Dataset entries
================
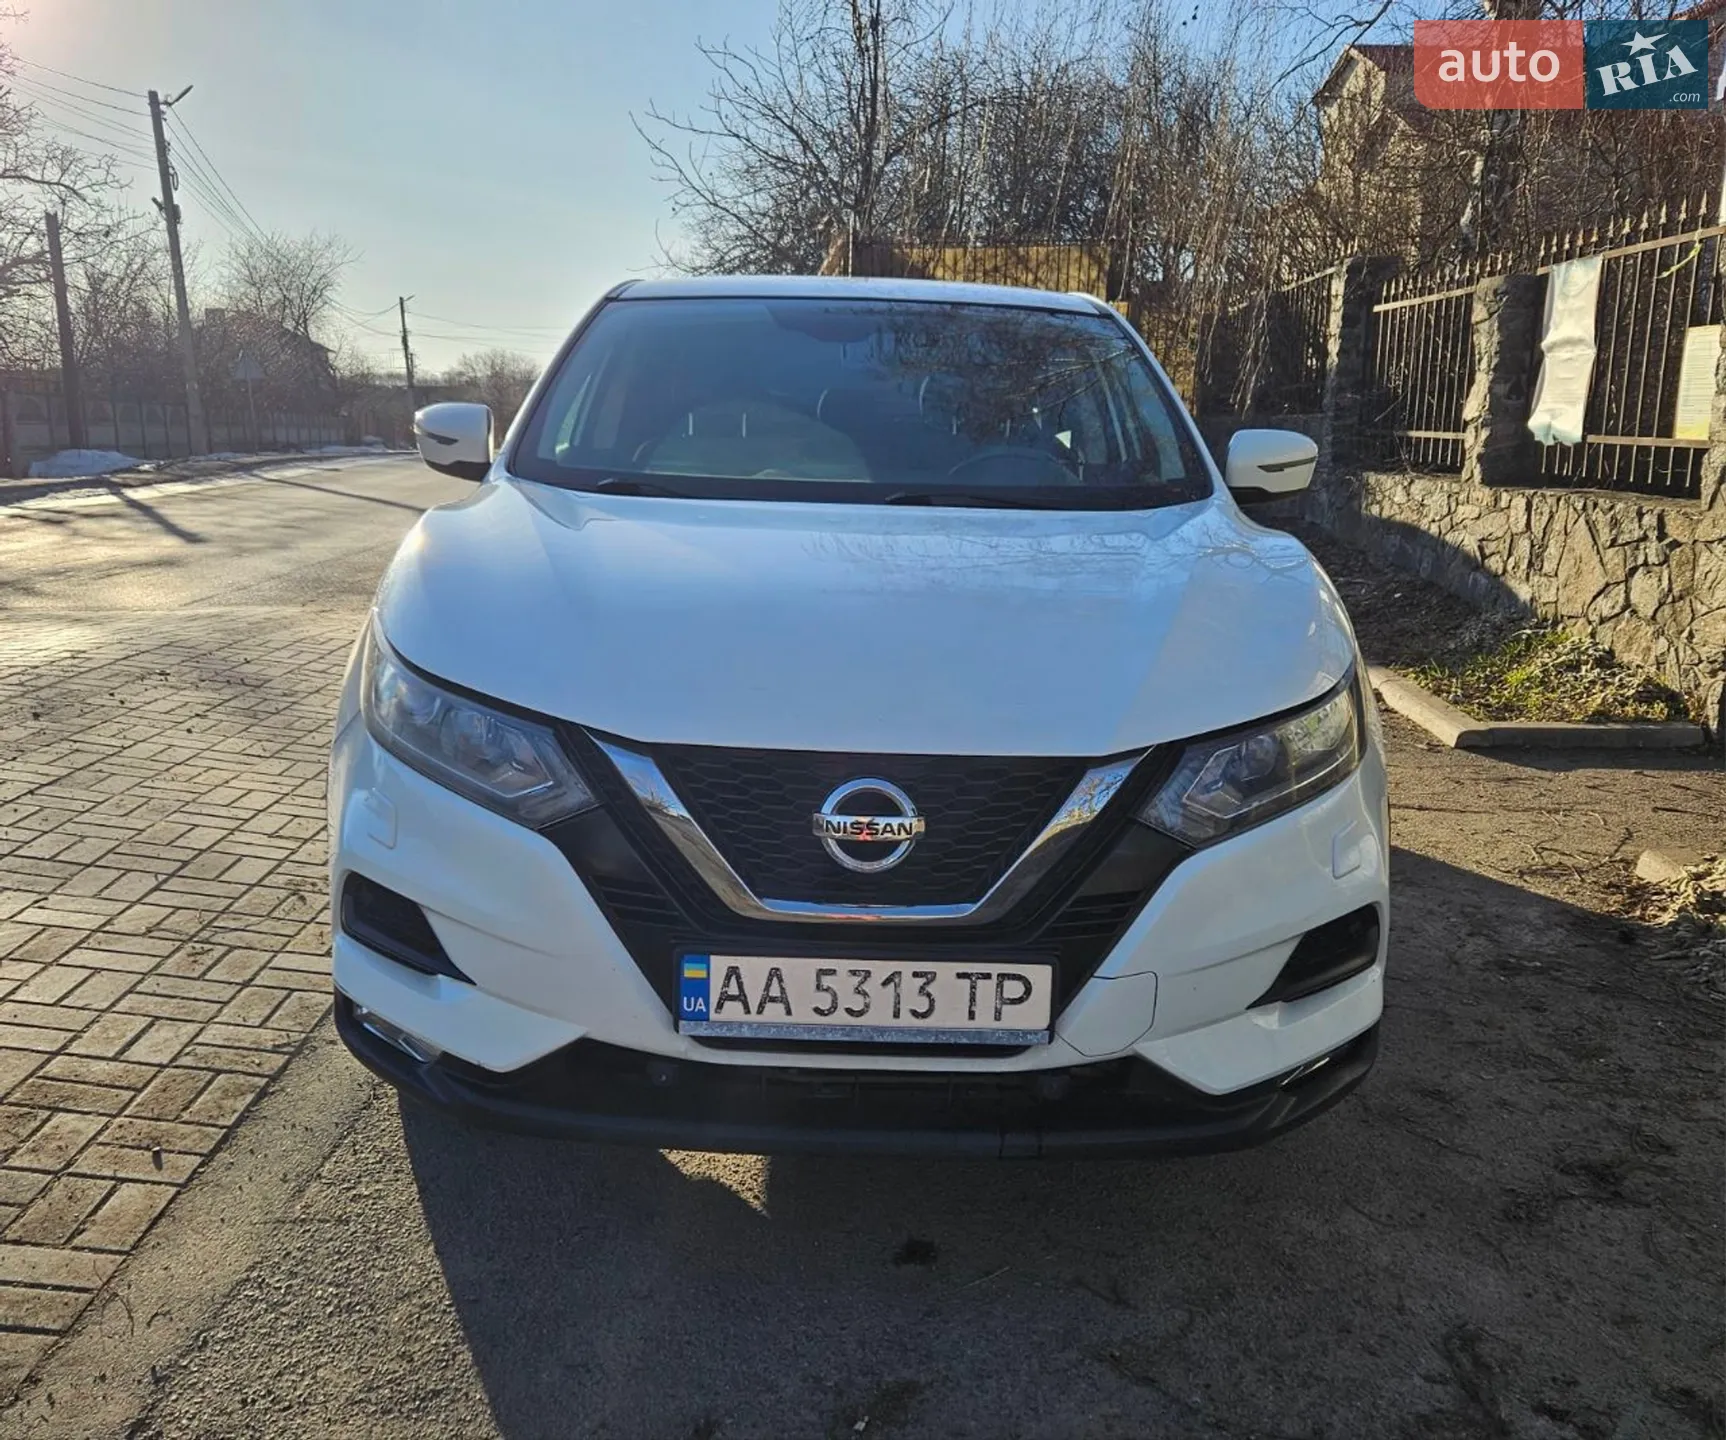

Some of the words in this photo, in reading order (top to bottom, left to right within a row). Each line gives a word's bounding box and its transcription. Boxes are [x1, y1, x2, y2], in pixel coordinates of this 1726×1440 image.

[825, 819, 913, 836] NISSAN
[713, 965, 793, 1017] AA
[811, 967, 938, 1021] 5313
[955, 971, 1033, 1021] TP
[683, 996, 706, 1013] UA
================
- Problem details
Without the pictures, give every line above again exactly.

- Written response
Some of the words in this photo, in reading order (top to bottom, left to right within a row). Each line gives a word's bounding box and its transcription. Boxes are [x1, y1, x2, y2], in pixel coordinates of this 1726×1440 image.

[825, 819, 913, 836] NISSAN
[713, 965, 793, 1017] AA
[811, 967, 938, 1021] 5313
[955, 971, 1033, 1021] TP
[683, 996, 706, 1013] UA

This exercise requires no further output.